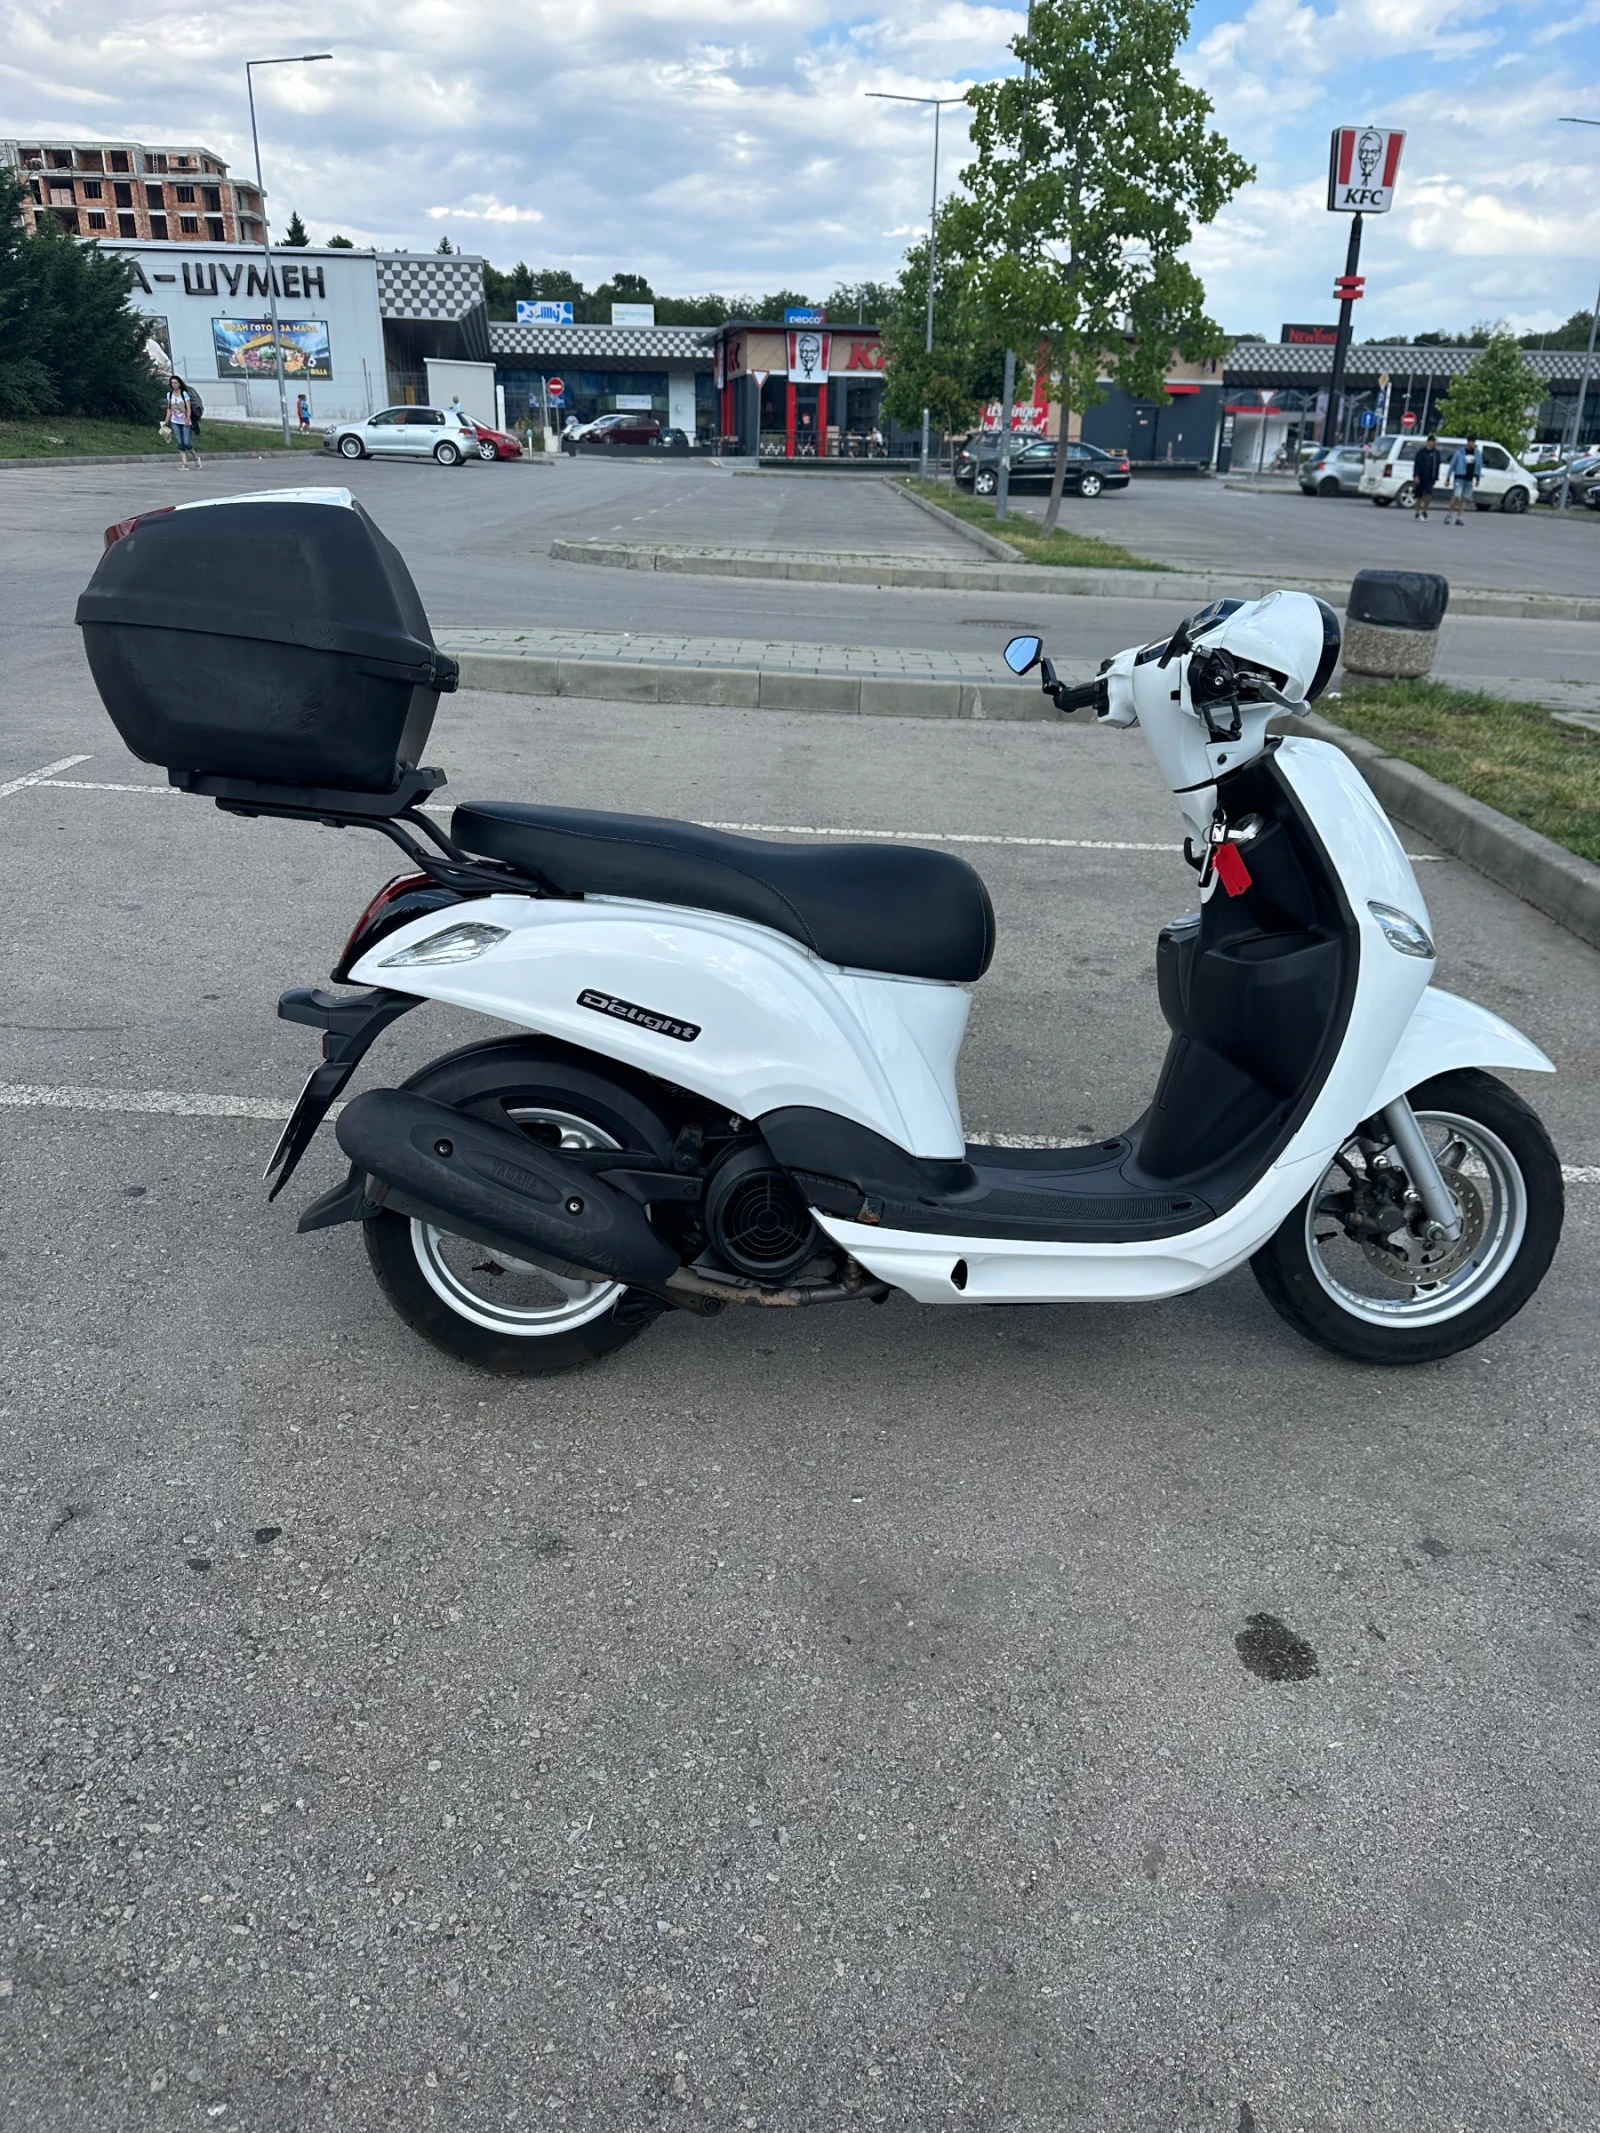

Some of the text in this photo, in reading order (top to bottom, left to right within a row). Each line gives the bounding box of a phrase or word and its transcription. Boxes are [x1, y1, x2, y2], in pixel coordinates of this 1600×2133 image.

[1343, 188, 1384, 205] KFC
[280, 325, 291, 333] ЗА
[310, 368, 328, 376] BILLA
[492, 1160, 539, 1192] YAMAHA
- - - - -
-- TO DO --
Return the full listing exactly as written, without any of its images.

-- TASK RESULT --
Some of the text in this photo, in reading order (top to bottom, left to right within a row). Each line gives the bounding box of a phrase or word and its transcription. Boxes are [x1, y1, x2, y2], in pixel coordinates of this 1600×2133 image.

[1343, 188, 1384, 205] KFC
[280, 325, 291, 333] ЗА
[310, 368, 328, 376] BILLA
[492, 1160, 539, 1192] YAMAHA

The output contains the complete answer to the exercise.